Materi yang ‘Hilang’? Merasionalisasi Periode Awal Islam
Shoemaker, Stephen J. 2011. The Death of a Prophet: The End of Muhammad’s Life and the Beginnings of Islam. Penerbit Universitas Pennsylvania.
Dalam dua abad terakhir, perbincangan mengenai rekonstruksi bangunan sejarah Islam menjadi topik yang menitikfokuskan pada problematika catatan-catatan tradisional Islam sebagai sebuah tren kajian tersendiri. Jelas, kajian ini cenderung disambut baik oleh kesarjanaan Barat yang berkiblatkan historis-kritis. Sementara kesarjanaan Barat cenderung skeptis saat memandang beragam catatan tradisional Islam, kesarjanaan Muslim ada dalam posisi optimis dengan catatan yang mereka miliki. Seperti yang dinyatakan oleh Fred Donner (Narratives of Islamic Origins, h. 1-2), di saat mayoritas sarjana atau ulama Muslim menyebut rentang 610 sampai 660 M sebagai periode keemasan yang diwarnai oleh pencerahan agamis oleh utusan terakhir Tuhan hingga suksesnya ekspansi Jazirah Arab, pada saat yang bersamaan kesarjanaan Barat justru menganggap masa ini sebagai periode problematik, dengan alasan informasi yang termuat dalam catatan tradisional Islam jauh terpaut dari peristiwa yang direkamnya.

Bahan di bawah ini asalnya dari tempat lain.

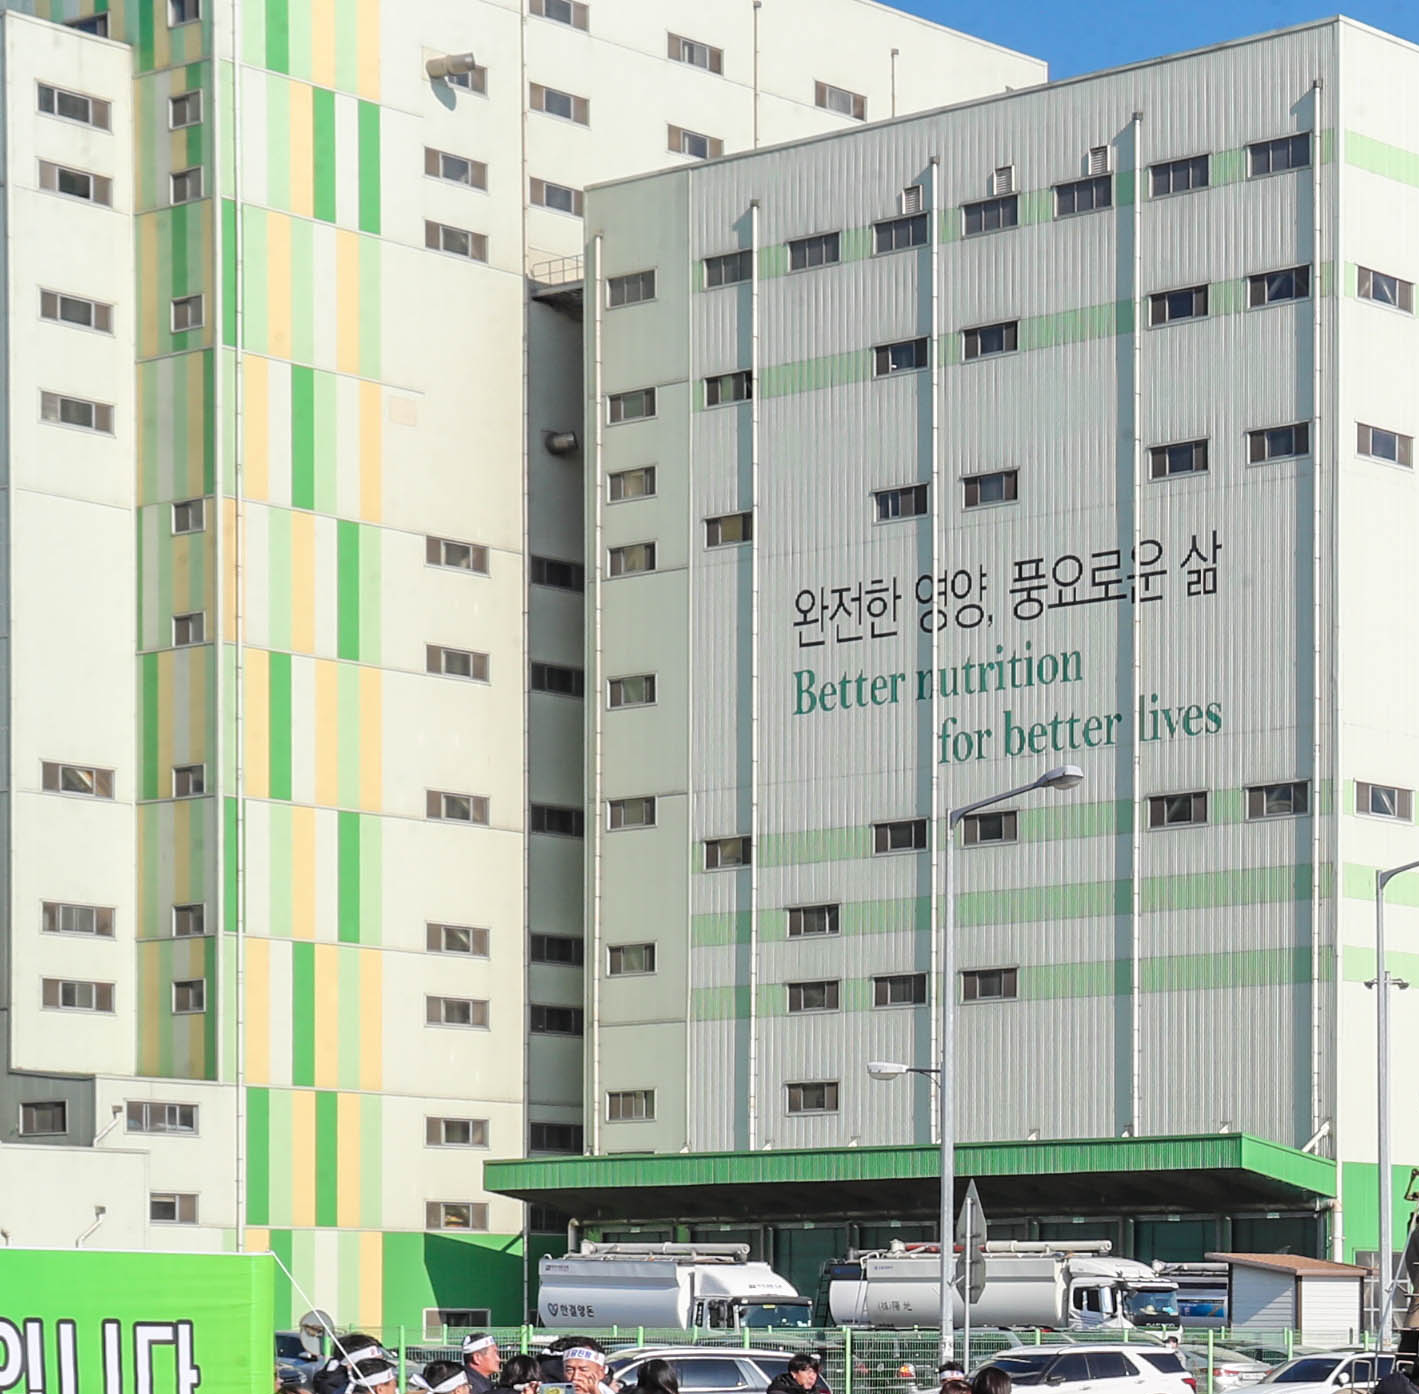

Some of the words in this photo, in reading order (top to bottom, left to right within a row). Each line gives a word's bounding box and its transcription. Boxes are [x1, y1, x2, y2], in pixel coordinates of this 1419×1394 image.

[793, 576, 902, 648] 완전한
[915, 564, 994, 634] 영양,
[1009, 539, 1167, 621] 풍요로운
[1180, 530, 1223, 597] 삶
[792, 668, 906, 715] Better
[916, 640, 1084, 701] nutrition
[937, 716, 993, 764] for
[1003, 709, 1122, 756] better
[1139, 693, 1223, 743] lives
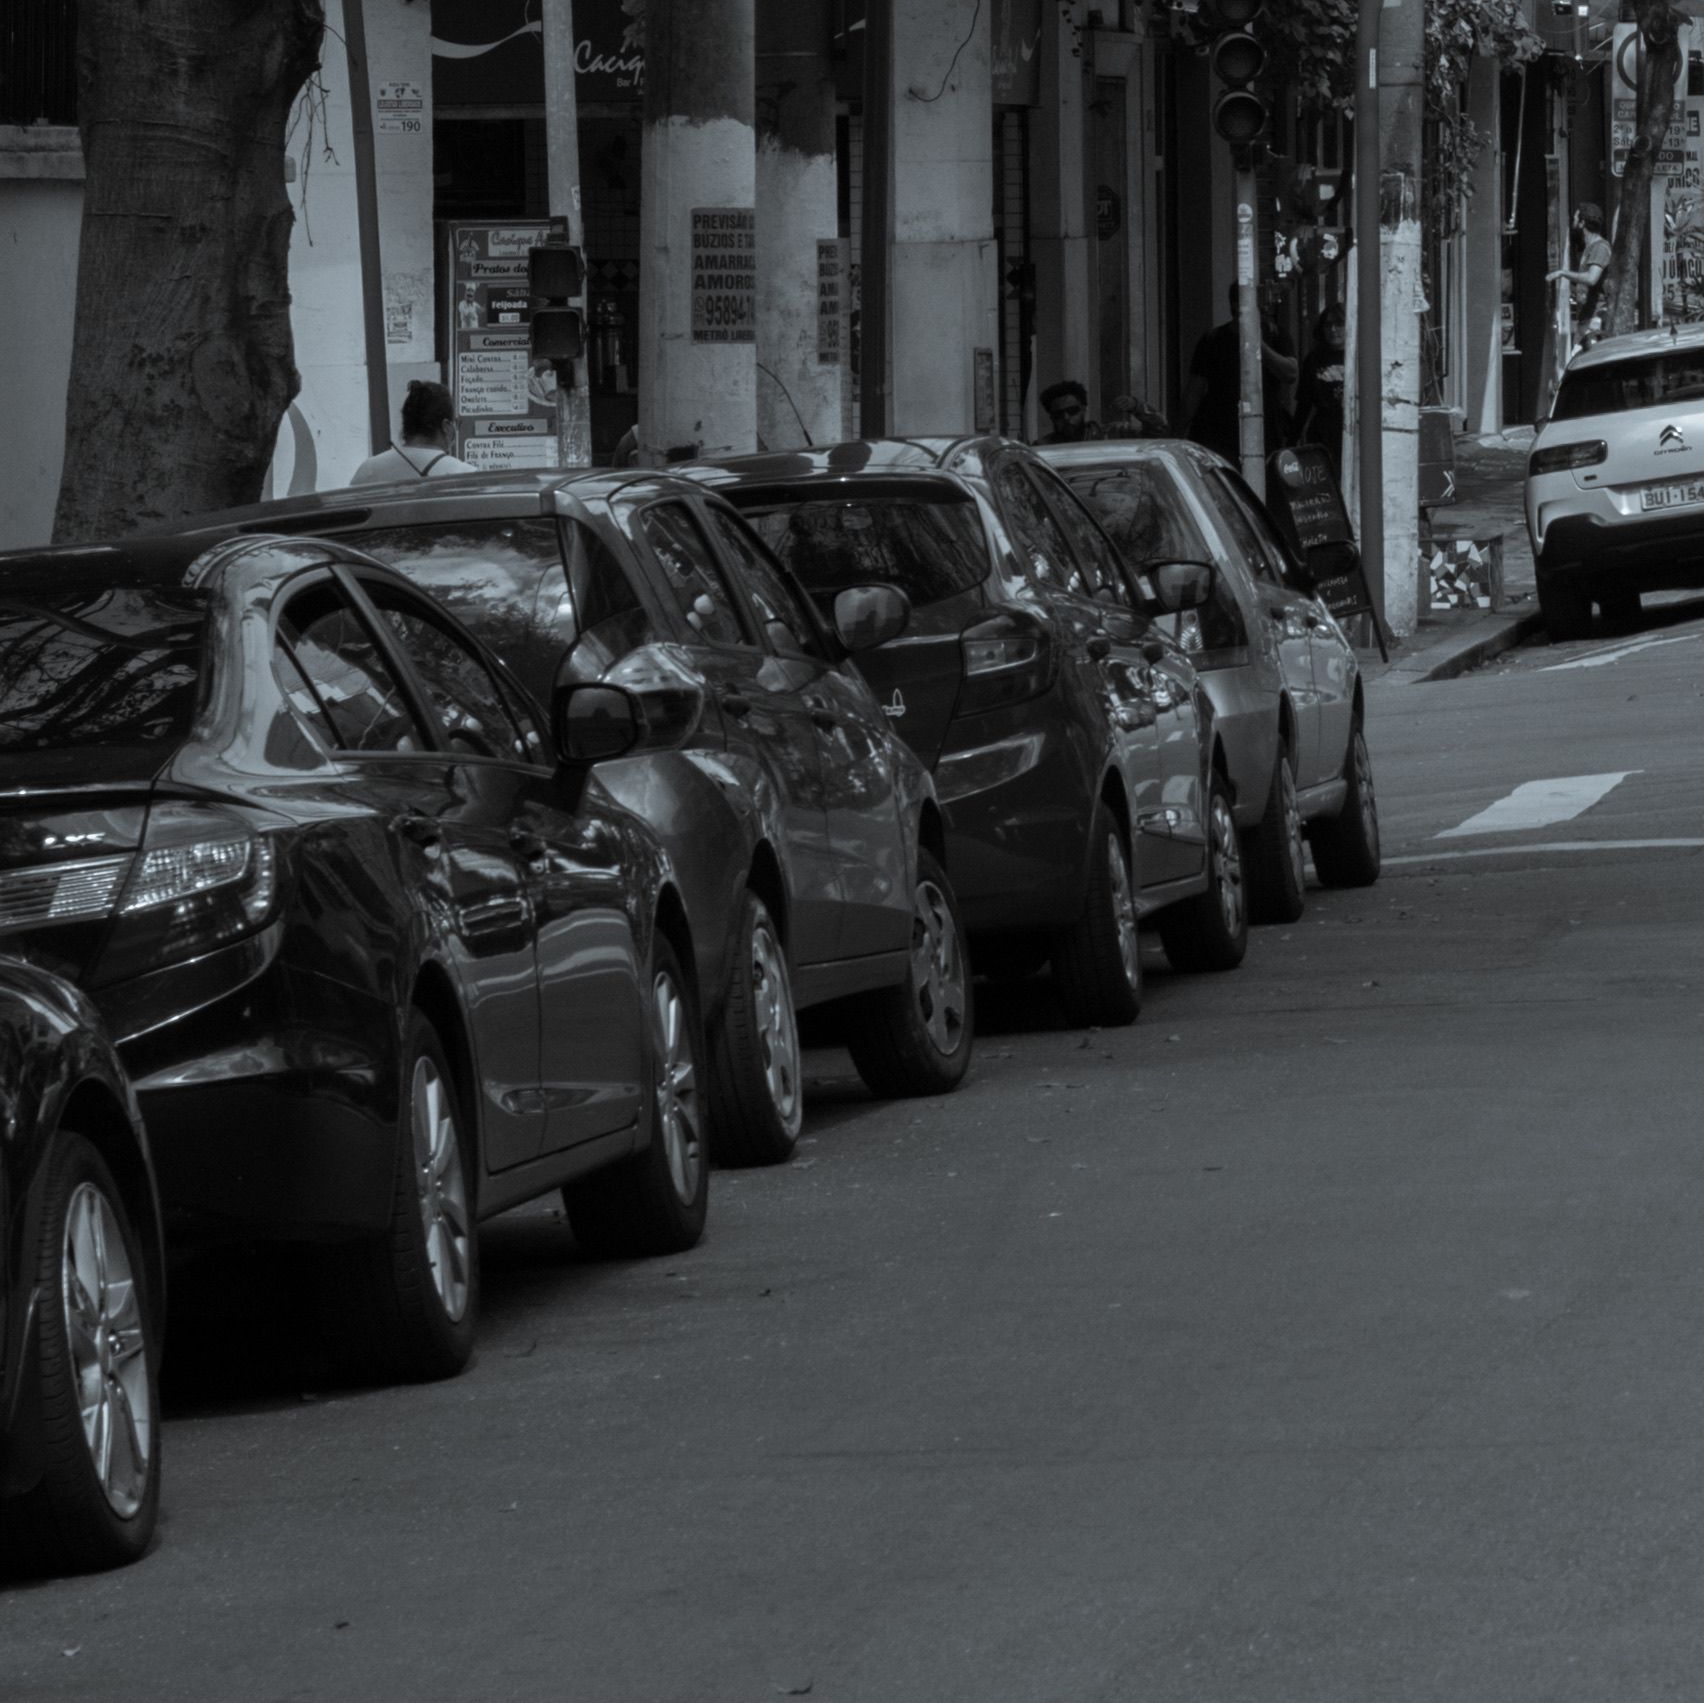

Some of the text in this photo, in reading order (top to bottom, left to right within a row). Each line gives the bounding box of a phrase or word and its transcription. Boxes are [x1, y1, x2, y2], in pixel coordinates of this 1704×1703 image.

[401, 121, 421, 132] 190
[473, 263, 510, 274] Pratos
[487, 422, 535, 434] Executivo
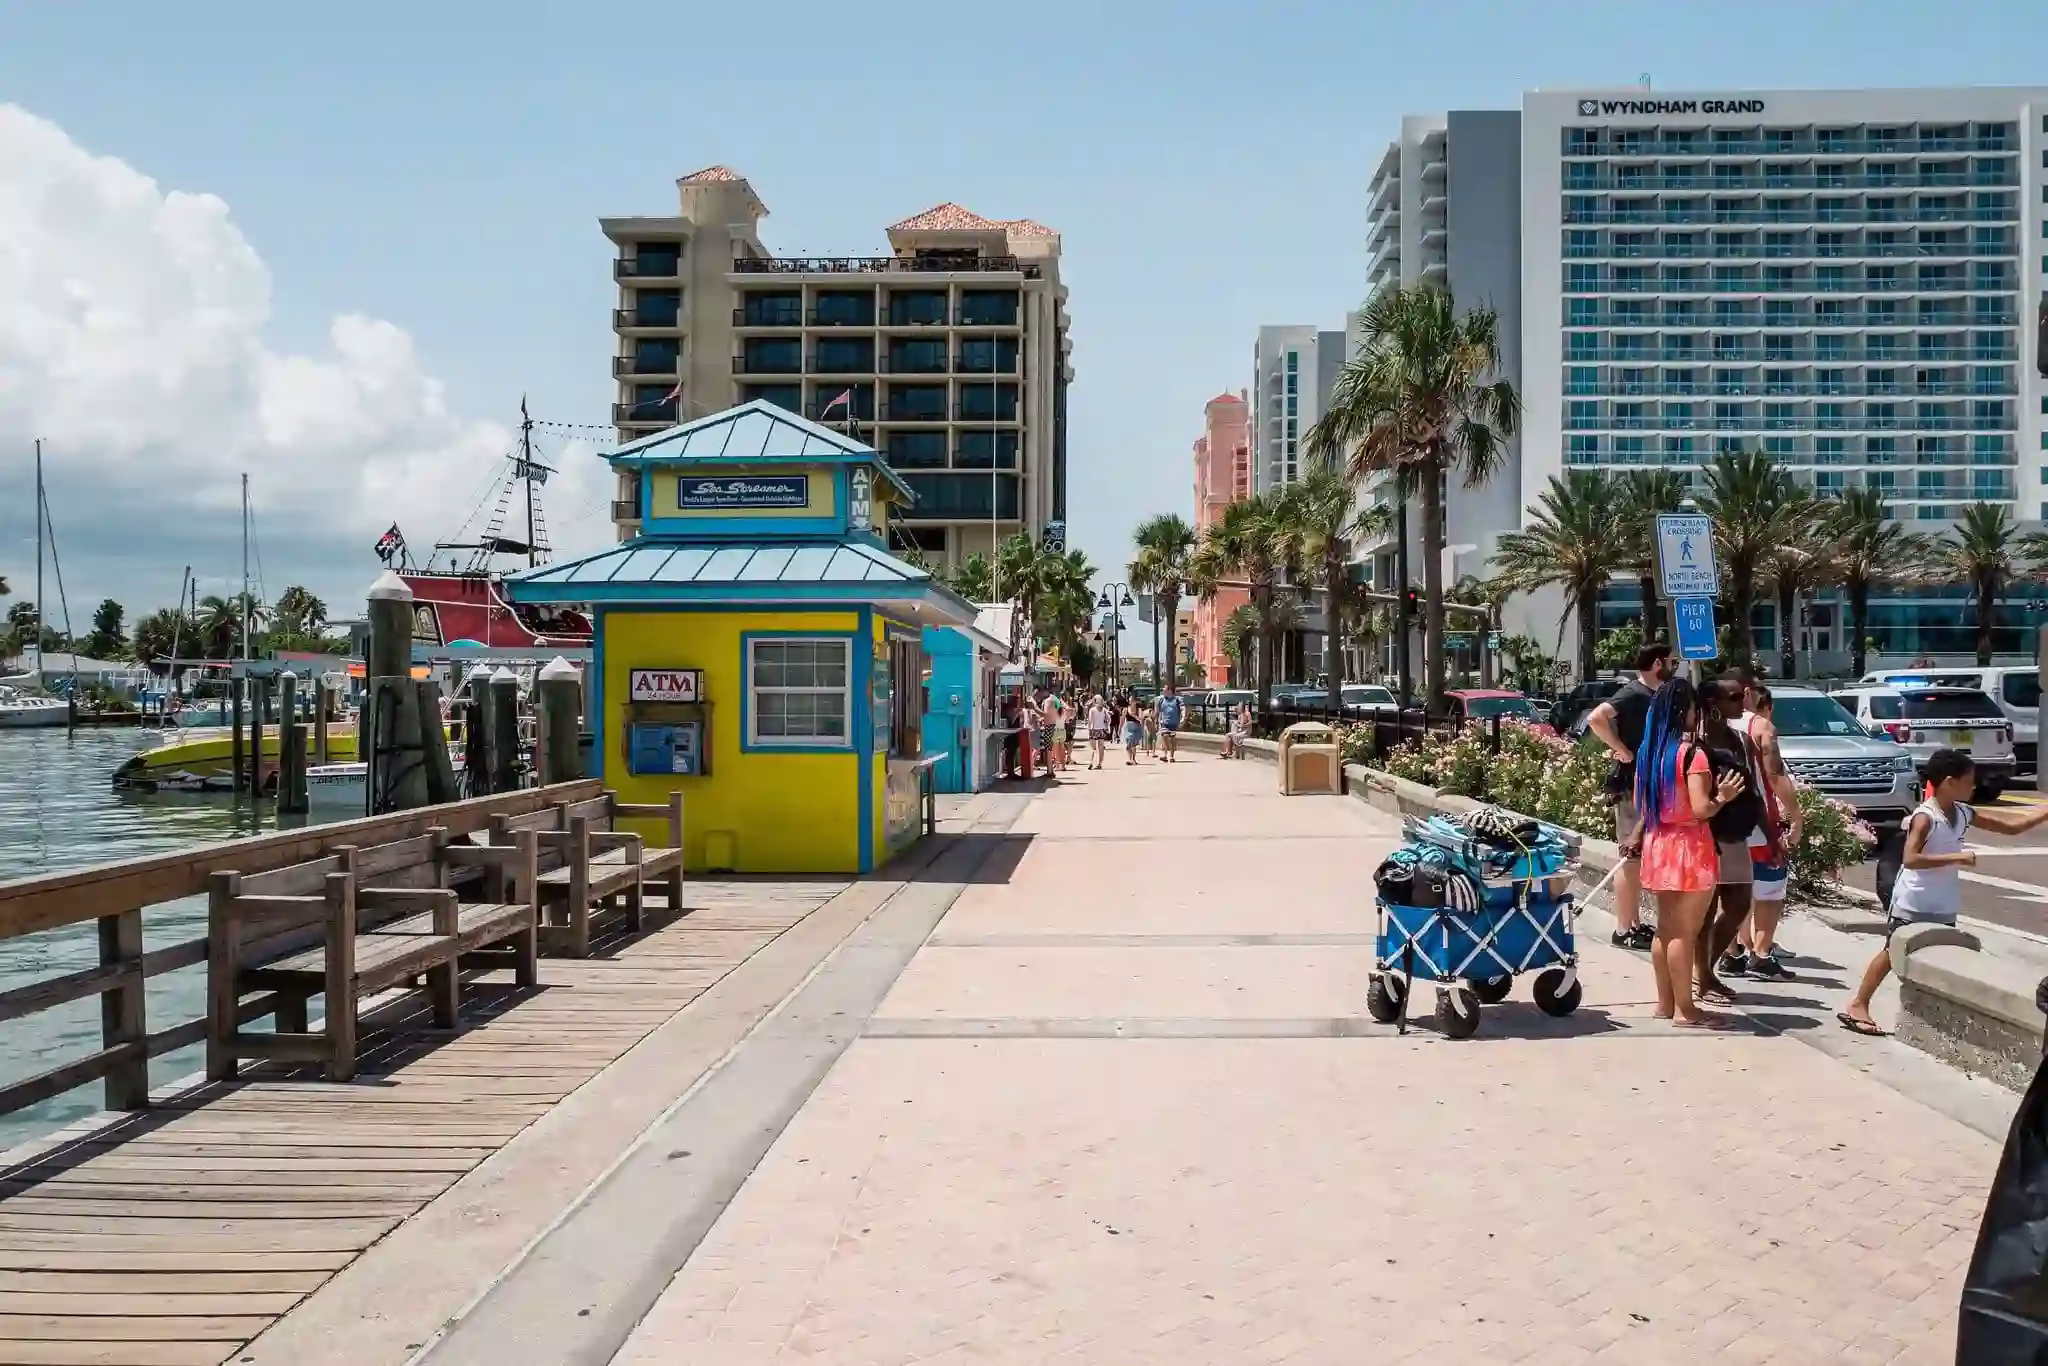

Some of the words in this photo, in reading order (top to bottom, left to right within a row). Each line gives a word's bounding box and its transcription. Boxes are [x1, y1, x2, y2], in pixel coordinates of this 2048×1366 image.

Melalui bukunya, The Death of a Prophet: The End of Muhammad’s Life and the Beginnings of Islam, Stephen J. Shoemaker menakar rasionalisasi terhadap fenomena yang ia temukan pada catatan tradisional Islam dengan mengomparasikan catatan non-Islam untuk menarasikan ulang sejarah Islam. Ia memusatkan kajiannya pada wafatnya Muhammad sebagai pendiri Islam dengan mendialogkan perspektif berbagai catatan–baik dari dokumen tradisional Islam maupun non-Islam–dalam cakupan peristiwa invasi ke Palestina/Jerusalem yang saat itu dikuasai oleh Romawi (Bizantium) sebagai sebuah negara adidaya. Penelitiannya ini bisa dibilang lahir dari ‘gemas’nya Shoemaker terhadap sarjana pendahulunya yang menyelami kajian rekonstruksi sejarah Islam, seperti Patricia Crone dan Michael Cook, yang keduanya sudah melakukan pengkajian terhadap dokumen non-Islam namun gagal menghasilkan ‘gong’ pada bagian isu yang lebih makro. Shoemaker menganggap kegagalan pendahulunya ini sebagai tantangan untuk kesarjanaan studi Islam yang mendiami rumpun kajian ini (h. 3).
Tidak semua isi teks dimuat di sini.